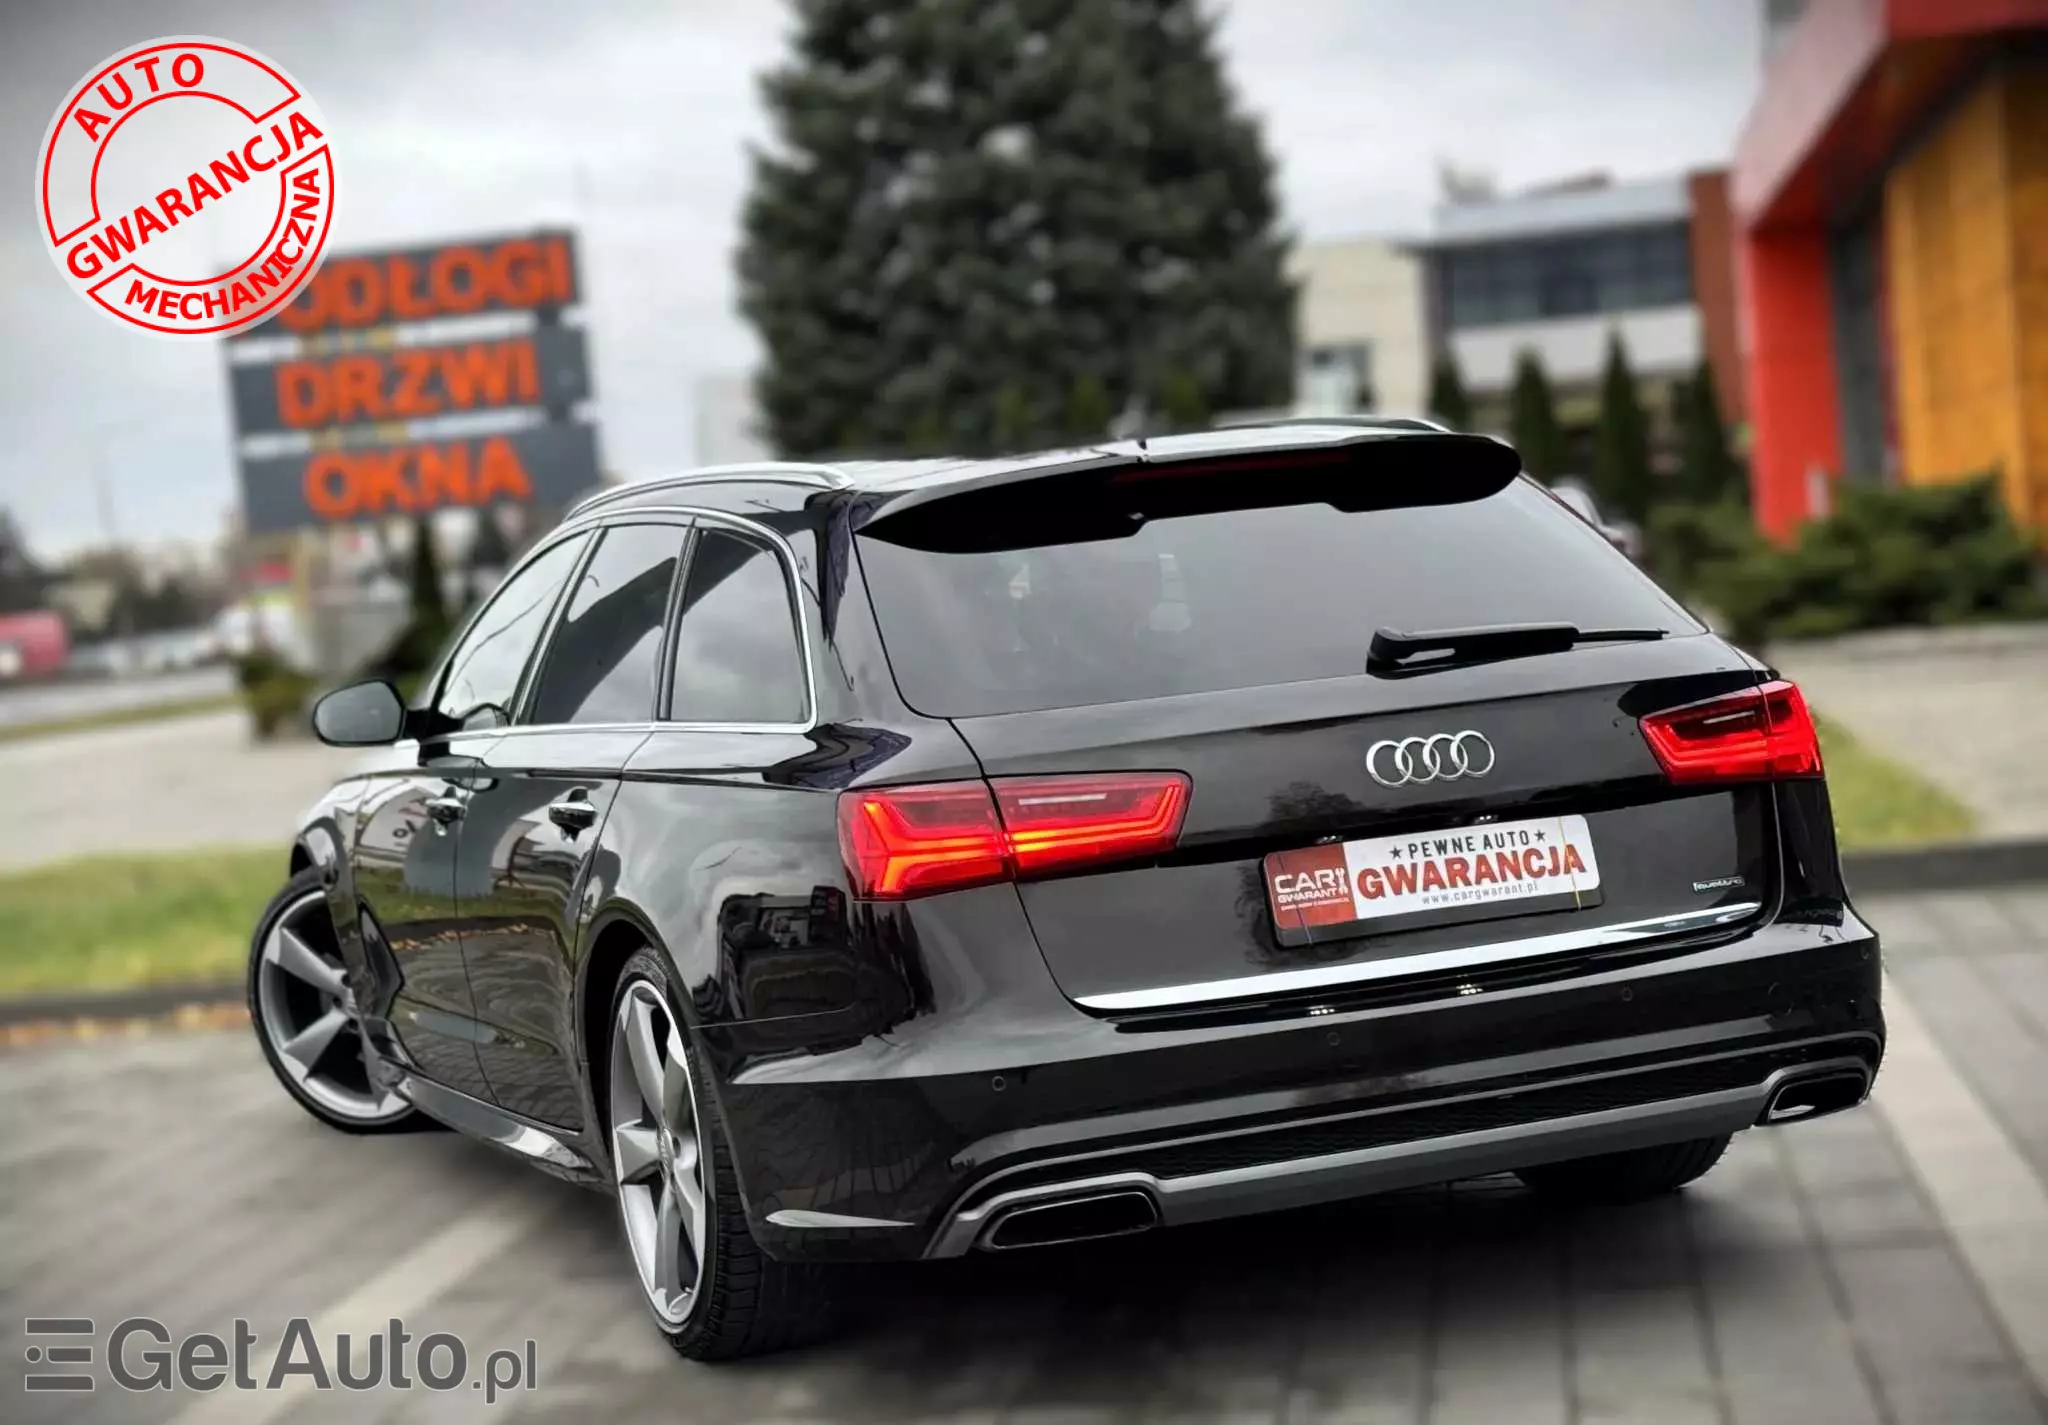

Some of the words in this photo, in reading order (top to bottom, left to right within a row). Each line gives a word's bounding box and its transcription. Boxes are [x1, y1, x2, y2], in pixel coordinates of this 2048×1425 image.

[272, 240, 569, 331] ODŁOGI
[276, 338, 539, 428] DRZWI
[305, 436, 531, 518] OKNA
[1357, 844, 1587, 900] GWARANCJA
[1408, 836, 1475, 860] PEWNE
[1483, 830, 1530, 850] AUTO
[1275, 868, 1337, 893] CAR
[1422, 881, 1538, 905] www.cargwarant.pl
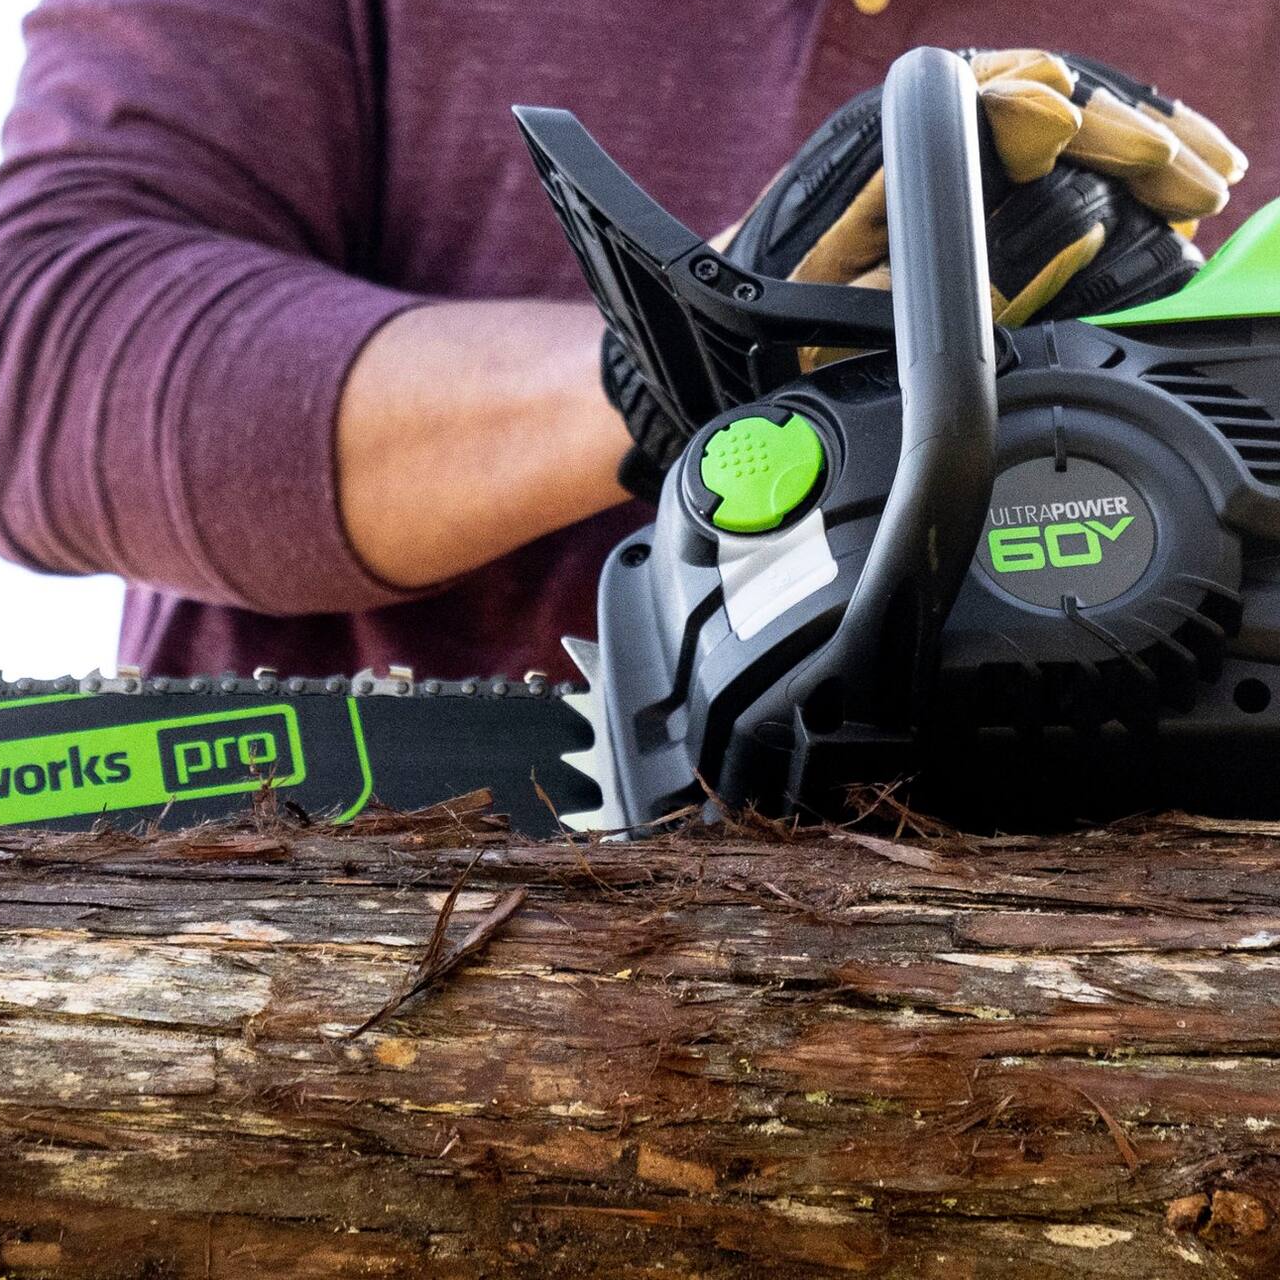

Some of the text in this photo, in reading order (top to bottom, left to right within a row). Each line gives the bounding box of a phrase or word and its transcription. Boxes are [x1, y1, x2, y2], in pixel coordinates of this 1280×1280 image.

[989, 496, 1130, 527] ULTRAPOWER
[987, 516, 1136, 574] 60V
[172, 730, 278, 782] pro
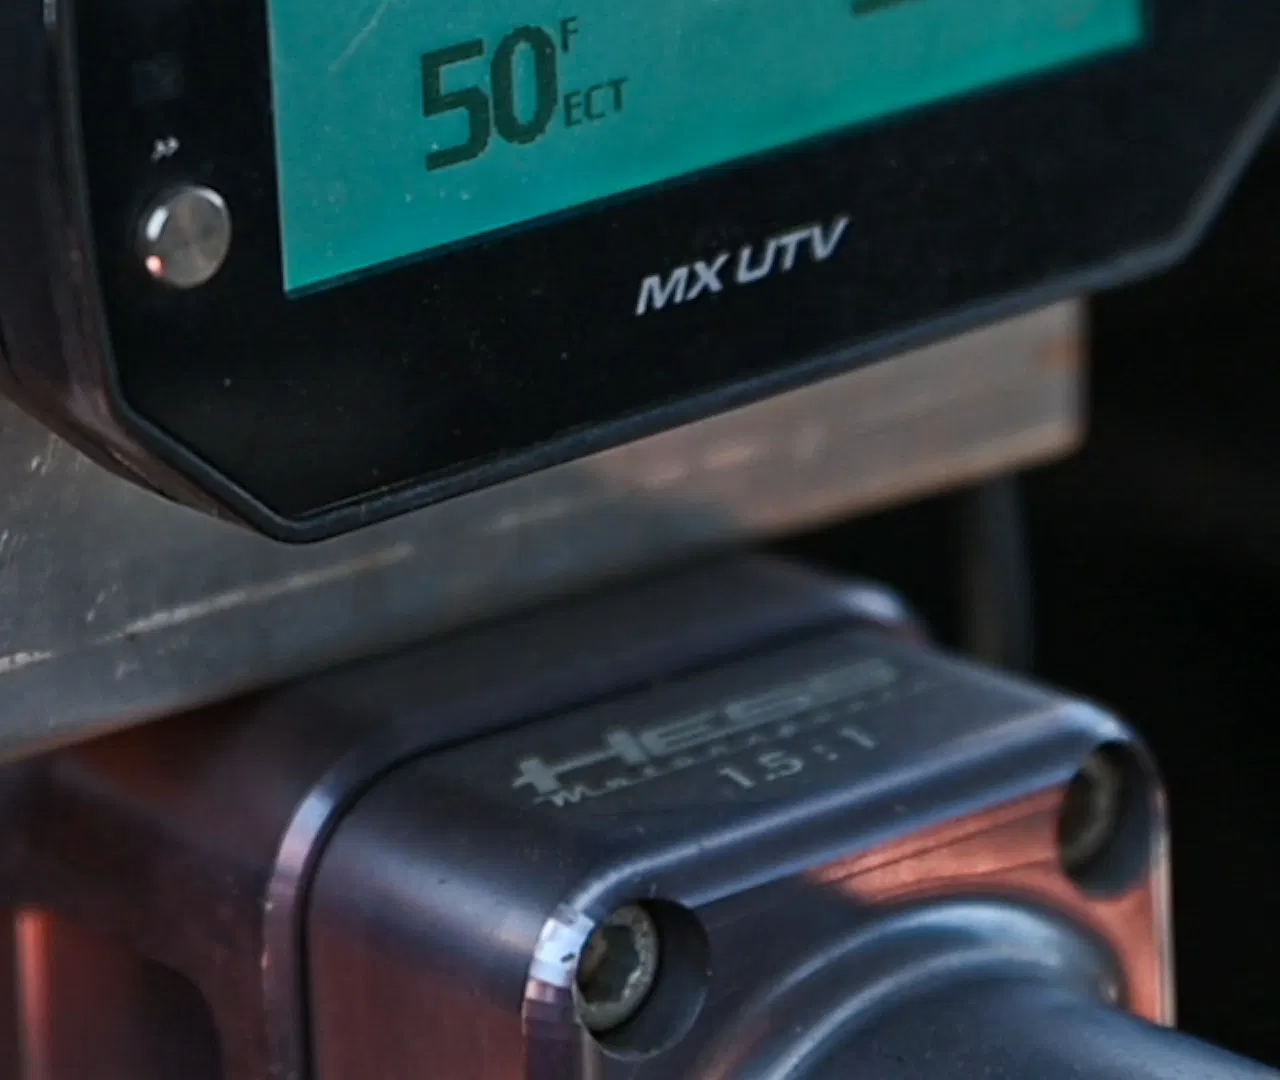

→ **Exercise instructions**: Keep the pictures out of your copy, and repeat every entry above exactly.

→ **Answer box**:
Some of the words in this photo, in reading order (top to bottom, left to right within a row). Each line gives a word's bounding box and its transcription. Boxes are [x1, y1, x2, y2], in pixel coordinates of this 2048×1425 image.

[272, 240, 569, 331] ODŁOGI
[276, 338, 539, 428] DRZWI
[305, 436, 531, 518] OKNA
[1357, 844, 1587, 900] GWARANCJA
[1408, 836, 1475, 860] PEWNE
[1483, 830, 1530, 850] AUTO
[1275, 868, 1337, 893] CAR
[1422, 881, 1538, 905] www.cargwarant.pl

Some of the text in this photo, in reading order (top to bottom, left to right within a row). Each line gives the bounding box of a phrase or word and its transcription. Boxes are [x1, y1, x2, y2], in pixel coordinates of this 1280×1280 image.

[989, 496, 1130, 527] ULTRAPOWER
[987, 516, 1136, 574] 60V
[172, 730, 278, 782] pro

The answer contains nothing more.